The main reason I don't like this story has to be with my being an eternalist. I think past (and future) objects are real. And I think reality will be more wonderful if it really contains trilobites and dinosaurs, not just physical stuff arranged trilobitewise or dinosaurwise. So while the above story is basically logically possible, I don't think it's actually true, because it seems likely that a God whose goodness spreads itself out creatively would be likely to create forms for physical stuff arranged trilobitewise and dinosaurwise.

But there might, nonetheless, be aspects of the story that we can adopt. In the story, creation was safeguarded by God's taking bundles of physical stuff and giving them form. We can posit this in a more commonsensical evolutionary story. Maybe the gametes of two dinosaur parents involve some mutation that makes the offspring be particularly birdlike. Then God can simply prevent the offspring from being informed by a dinosaur form and then instead make the offspring be informed by a bird form. This is still direct creation of birds from previously existing physical matter. And while higher animals prior to the first human sin were conscious, we can suppose that God in his love miraculously prevented any instance of conscious suffering that wouldn't be on balance good for the animals, say by miraculously preventing pain qualia or in some other way. But this divine miraculous intervention perhaps ended (though perhaps not!) when Adam and Eve rejected God's rule over the earth they were put in charge of.


Heath White said...

The combination of willingness to be skeptical about pre-Adamic animal form, with confidence that there is post-Adamic animal form, seems hard to reconcile. The good part about form seems that it would be a better creation. The bad part seems that it involves conscious pain. But both of those things hold both pre- and post-Adam, so I’m not sure what the grounds for the different levels of confidence are. (Indeed, if anything the pain gets worse after the Fall.)

I also don’t understand how eternalism comes into it. Surely God could have created this sequence of events whether he was eternal or not?

Alexander R Pruss said...


Well, maybe one thinks some thoughts like the following:

- The whole evolutionary system hinges on red-in-tooth-and-claw competition. It's not the sort of system that we'd expect a good God to use to create the world. But there is no real red-in-tooth-and-claw competition between organisms here.

- Humans are meant to have stewardship over all the species of organisms on earth. So it's better that there not be species of organisms that exist and go extinct before humans do.

- The story is a bit closer to a literal reading of Genesis.

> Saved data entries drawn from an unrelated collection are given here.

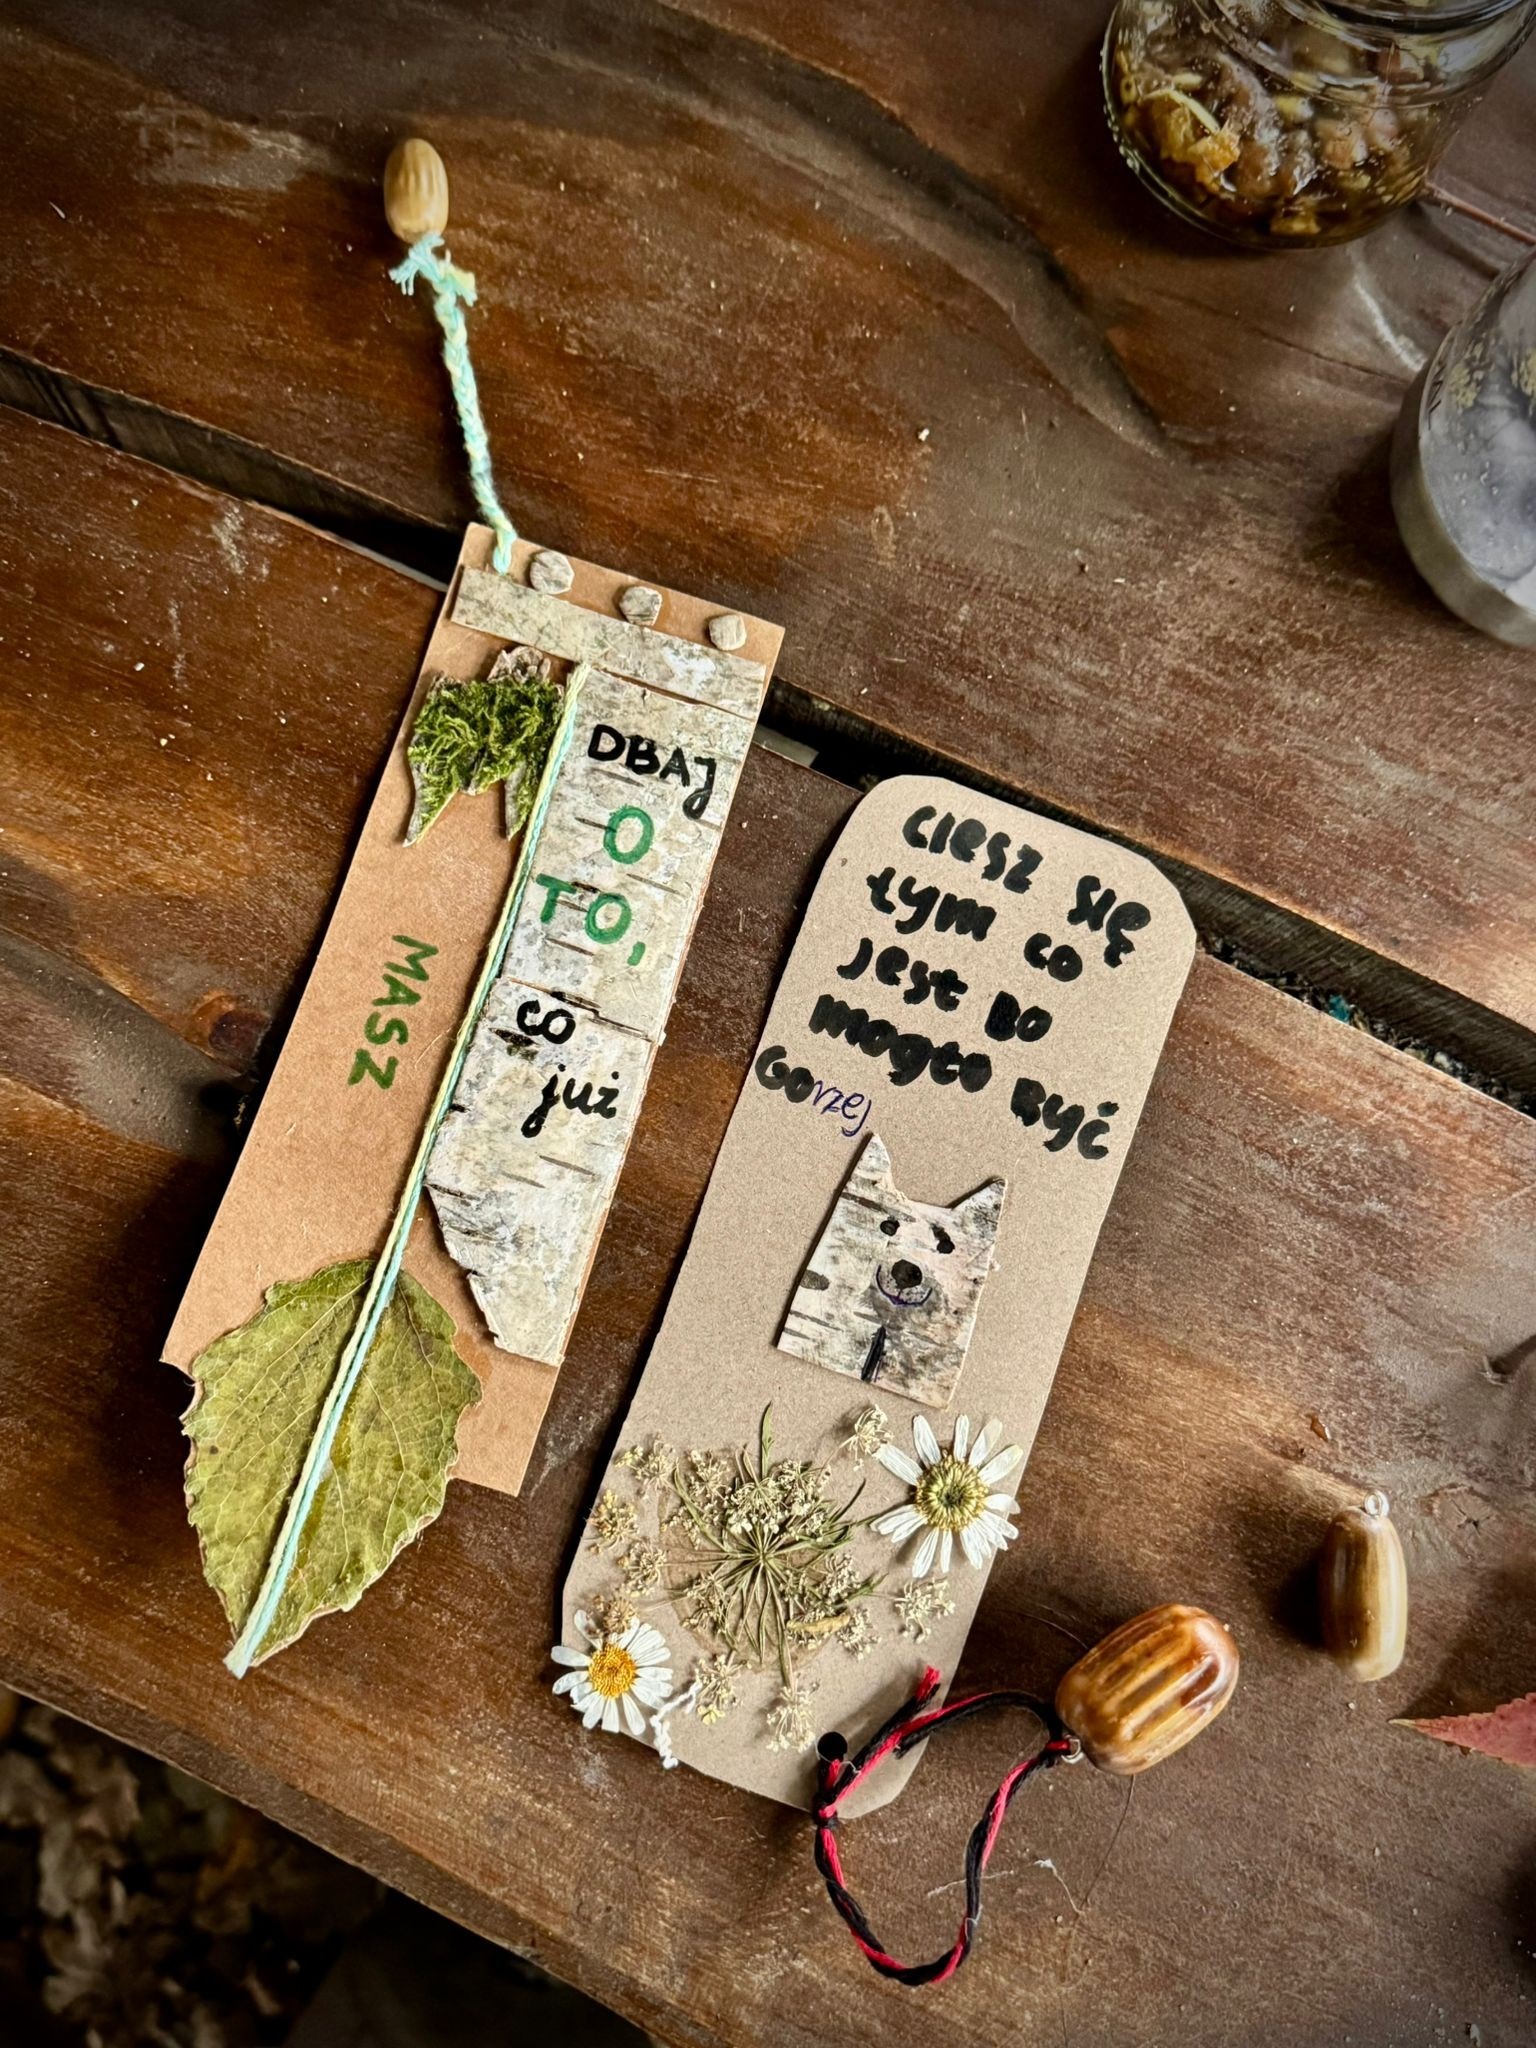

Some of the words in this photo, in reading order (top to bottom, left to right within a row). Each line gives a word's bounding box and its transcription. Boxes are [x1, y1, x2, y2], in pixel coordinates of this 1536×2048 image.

[587, 724, 717, 820] DBAJ
[603, 804, 655, 864] O
[536, 873, 646, 966] TO,
[866, 867, 997, 941] tym
[348, 935, 438, 1089] MASZ
[521, 1065, 620, 1138] już

I think the third one is not very compelling at all (once we've departed from the literal, why not go a bit further). I feel some force of the first and second, but not enough to make me adopt the story.

As for eternalism, the thought is this. If past objects are real, then if there ever were dinosaurs (real ones, with dinosaur forms), then dinosaurs are (tenselessly speaking) real. And it's valuable that dinosaurs and trilobites be real.

But if presentism is true, then this line of thought is much less compelling, since according to the presentist, even if there were dinosaurs, it's still false simpliciter that reality includes dinosaurs.

Brett Lunn said...

Would your eternalist views be satiated as long as there are dinosaurs at some point in history? That is, could God fulfill your desires if He makes sure that in the new creation there is physical stuff arranged like a dinosaur and He gives a dinosaur form?

Alexander R Pruss said...


I guess so. But I think the *story* is better if they were there in the past, as part of the development. And God makes the world be a good story.